Sucker Punch plays out like a sticky, feverish doodle in the margins of a teenage boy’s notebook. It’s about a creepy insane asylum (run by Oscar Isaac and Carla Gugino) with an inmate population that consists seemingly entirely of sexy schoolgirls. One of these girls, Baby Doll (Emily Browning), imagines that it’s actually a kind of burlesque brothel and then further escapes from even her own imagination by going deeper inside her mind. She pretends that she and some of the other girls (Abbie Cornish, Vanessa Hudgens, Jena Malone, and Jamie Chung) are actually fighting giant ninja statues wielding machine guns and zombie steampunk Nazi robots and dragons and other robots! They, of course, are armed with samurai swords, biplanes, jet-packs, and flying rock-‘em-sock-‘em jet-pack machine gun robots and take advice from a walking fortune cookie who takes the craggy human form of Scott Glenn. Coherence is not a high priority here.

It’s a film all about escaping the constant threat of sexual violence by retreating into video-game violence, about removing the threat of being objectified by objectifying yourself before anyone else can. As you can probably tell, the movie sends mixed messages. It’s unforgiving and odd, all too willing to leer at the pretty girls in tight clothes and short skirts, and then scold you for looking where its camera points your attention. Sure, it pushes in for slimy close-ups of the male figures as well (even someone as square-jawed handsome as Jon Hamm comes across as looking seedy), but the constant tension of being on the brink of horrible abuse never shakes free. This is a nightmare world of a movie that is all too content to sit on the surface and offer up nothing but dime store philosophizing as a potential escape.

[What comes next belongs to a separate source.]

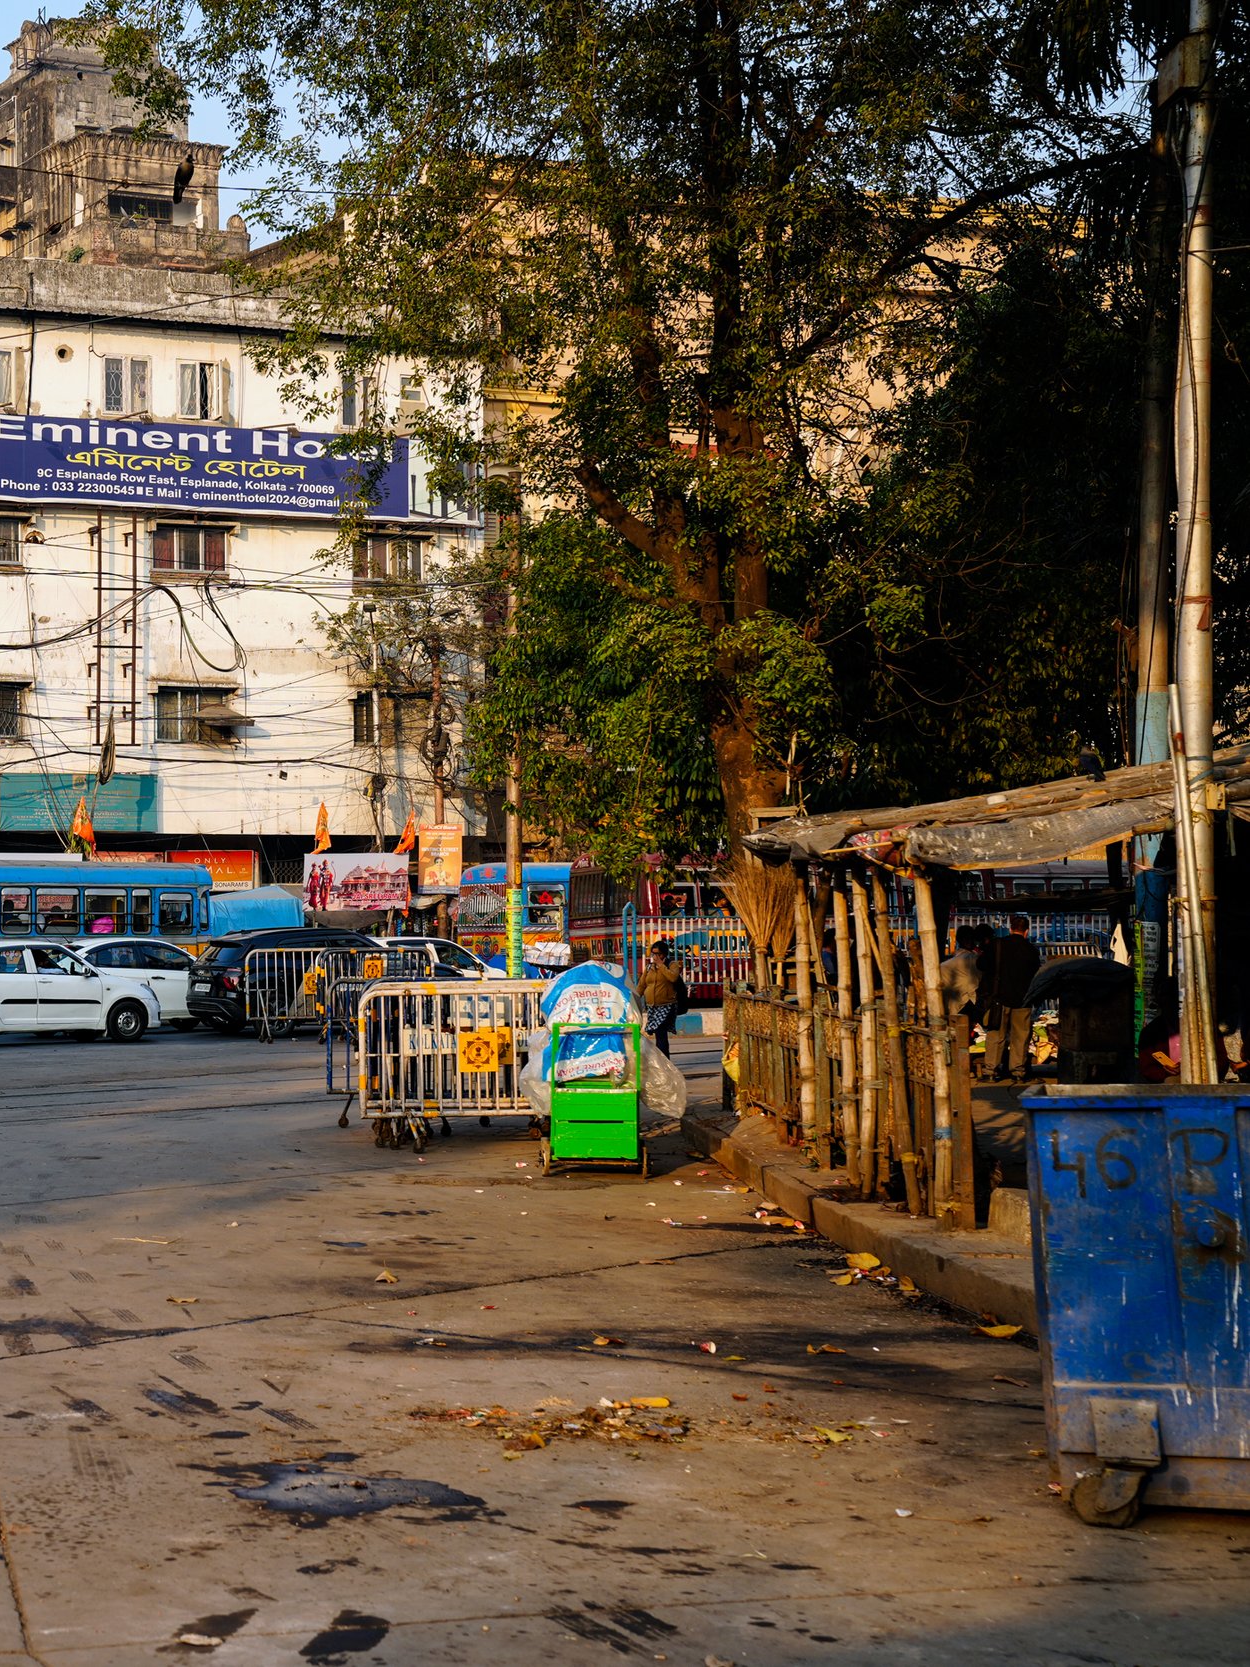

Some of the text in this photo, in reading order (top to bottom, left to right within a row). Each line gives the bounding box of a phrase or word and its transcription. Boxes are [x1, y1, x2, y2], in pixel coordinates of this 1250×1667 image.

Fittingly, the first thing the audience is presented with is a proscenium and a closed curtain. After the logos, the curtain pulls away, drawing open the world of the film. Snyder announces right off of the bat that this will be a film of arch theatricality, of base emotions writ large. Indeed it is, but this is a film that, pardon the pun, pulls its punches. It’s various settings (asylum, brothel, battlefields) are never utilized for their dramatic potential; the cuts between the various levels of reality are never not jarring, always carrying the feeling that important plot level detail has been skipped. We’re meant to be digging further and further into the psyche of these imprisoned and abused young women and yet every fantasy sequence takes us further and further from them.

In the end, this is a film that wants to invite you to leer and then scold you for it. It’s a film that wants to sit on the surface level of “Isn’t that cool?” and then pretend that it’s all about “you being your own key to freeing yourself” or some such ponderous claptrap that fills the concluding voice-over. It wants to have its skimpily clothed warrior chicks and respect them too (a feat that wouldn't be impossible under more capable directorial hands), much like that doodling teen might be able to draw a girl, but might not have a clue about who she really is. Sucker Punch is just a sleazy exploitation film that thinks itself too serious and moralizing (or maybe just too big-budget) to have the convictions to stand behind its barely buried id.